Group II was found to contain two cryptic genes, dhlS51° and dehII°_P11, and an active gene that can be switched off, dehII_PP3. The first was recently reported by Köhler et al. (30), but this gene’s cryptic state seemed to be associated with the lack of an active promoter rather than with a nonfunctional gene product. As noted above, the open reading frame of the partial sequence of dehII°_P11 showed a missing essential amino acid and at least one stop codon. The dehII_PP3 gene can be switched on and off by appropriate environmental selection, and although the mechanism for this has not been elucidated, it is likely that it involves interaction with a transposable element, DEH, containing dehI_PP3, a group I deh gene (59, 60). Clearly, further investigation is needed to uncover how genes that are silenced in these various ways contribute to the potential of bacteria to degrade xenobiotic compounds.
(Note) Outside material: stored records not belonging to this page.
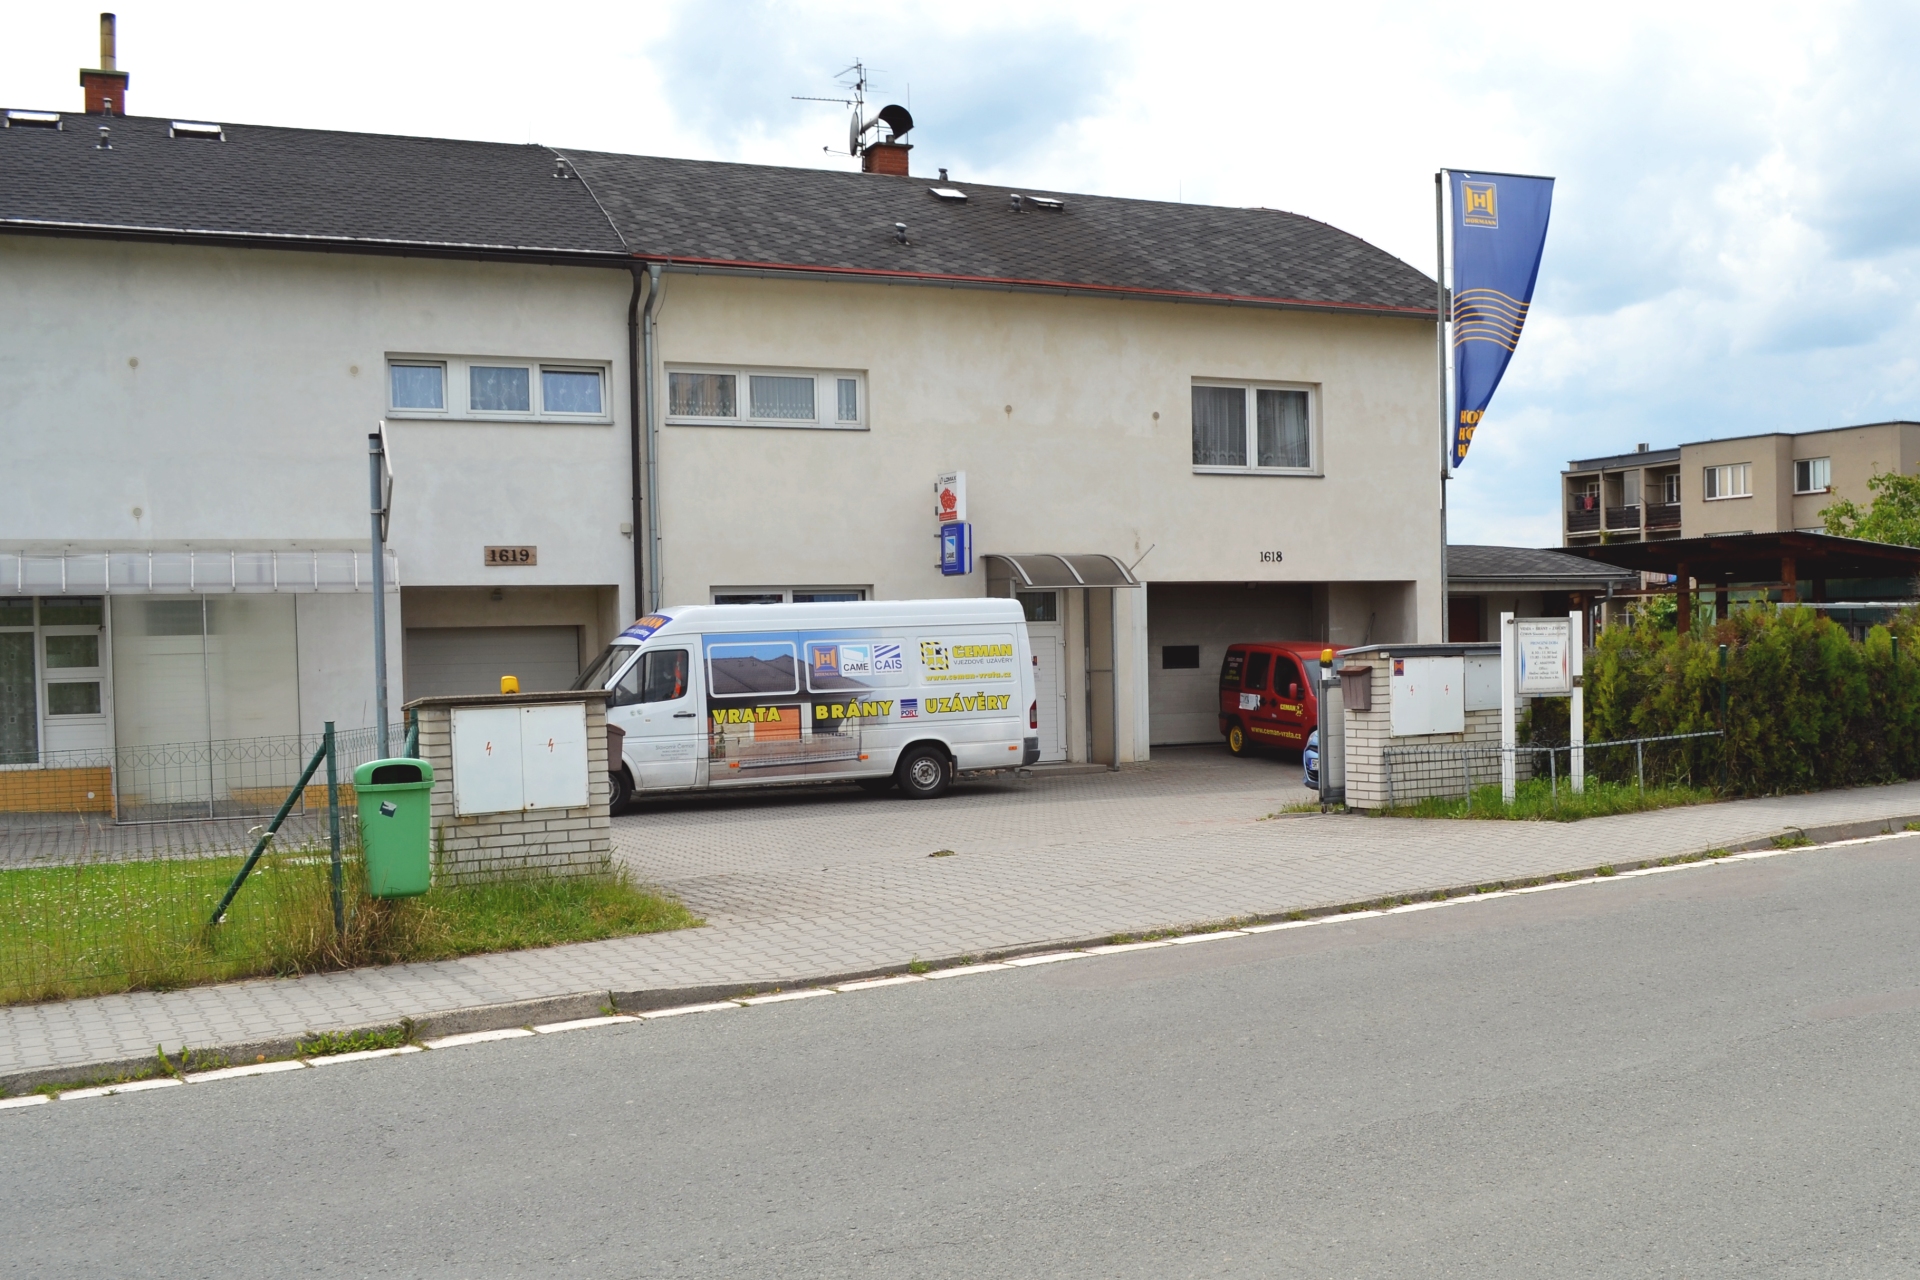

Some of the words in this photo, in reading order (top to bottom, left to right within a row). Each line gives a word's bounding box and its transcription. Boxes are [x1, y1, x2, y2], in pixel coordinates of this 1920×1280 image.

[490, 549, 530, 562] 1619
[1260, 551, 1283, 563] 1618
[952, 643, 1013, 659] ČEMAN
[874, 659, 902, 671] CAIS
[953, 657, 984, 665] VJEZDOVÉ
[986, 656, 1013, 664] UZÁVĚRY
[843, 663, 869, 672] CAME
[925, 691, 1011, 714] UZÁVĚRY
[815, 698, 894, 720] BRÁNY
[900, 709, 918, 717] PORT
[712, 707, 781, 724] VRATA
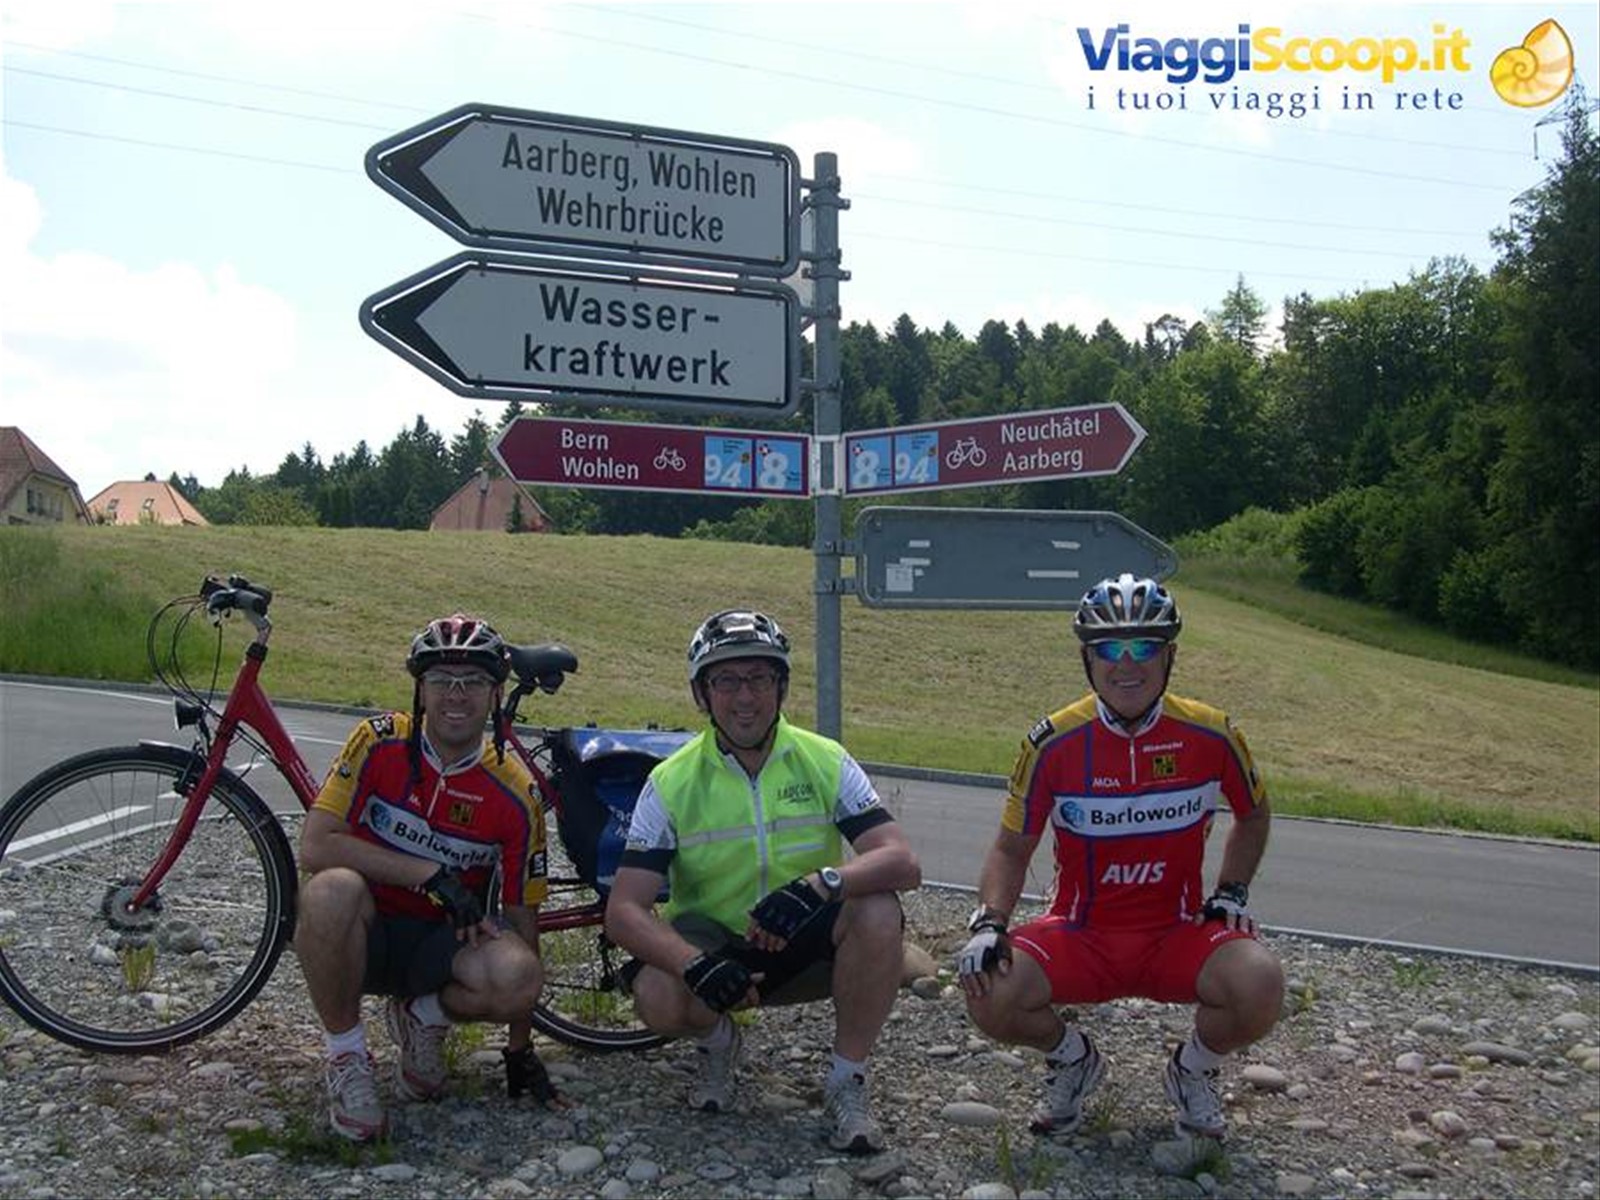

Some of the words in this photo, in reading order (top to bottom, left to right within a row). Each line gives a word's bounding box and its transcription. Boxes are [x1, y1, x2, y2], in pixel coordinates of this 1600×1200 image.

There was no apparent correlation between the assignments of deh genes to subdivisions of group I and group II families and the 16S rRNA based phylogenetic assignments of their bacterial hosts. In itself this was not surprising, since horizontal transfer of deh genes carried on plasmids has previously been reported (27, 28). Also, Brokamp et al. (5) have described five plasmid-encoded dehalogenases, and at least three other dehalogenase genes, dehI_PP3 (59), the DehH2 gene (29), and dhlIV (4), are known to be carried on transposon-like mobile genetic elements. As far as we know, no dehalogenase-producing organism outside the phylum Proteobacteria has so far been reported, and this may reflect a limited phylogenetic range of organisms producing αHA dehalogenases. However, given their potential for horizontal transfer and the catabolic versatility of phyla such as the low- and the high-G+C gram-positive bacteria and the Cytophagales, each of which contains many xenobiotic-degrading species, confinement of αHA deh genes within Proteobacteria appears to be anomalous. Haloalkane dehalogenases are produced by species outside the Proteobacteria, so that the restricted range of species containing group I and group II deh genes may simply reflect limitations in currently used enrichment and isolation procedures related to the growth requirements of other bacterial groups.

Almost all of the αHA dehalogenases isolated in this laboratory and described in the literature are encoded by genes now assigned to either the group I or group II deh genes. Only two exceptions were identified: the DehH1 gene from a Moraxella sp. (27) and dehL from a Rhizobium sp. (7). On the basis of derived amino acid sequence alignments, Janssen et al. (22) proposed that the DehH1 gene is related to the haloalkane dehalogenase genes, dhlA and dhaA, and the α-hexachlorocyclohexadiene dehalogenase gene, linB. This indicates the existence of a third family of αHA deh genes encoding dehalogenases with broader substrate specificities, including activities against haloalkanes. It should be noted that DehHI is different from all of the group I and II dehalogenases in that it is a defluorinating enzyme, showing high activity with fluoroacetic acid but much lower activity with chloro- and bromo- analogues and virtually no activity with higher chemical homologues (26).

The dehL gene from a Rhizobium sp. (7) shows the same stereospecificity as group II deh genes (i.e., dechlorination of l- but not d-2MCPA) but is not a member of this family. No significant match in either nucleotide or derived amino acid alignments between dehL and group II deh genes was found, and the derived DehL amino acid sequence lacks almost all of the conserved residues of the group II dehalogenases. Since this gene shows no significant match with any other sequence currently deposited in the GenBank and EMBL databases (on the basis of FASTA searches), it might tentatively be suggested that dehL uniquely represents a fourth deh family.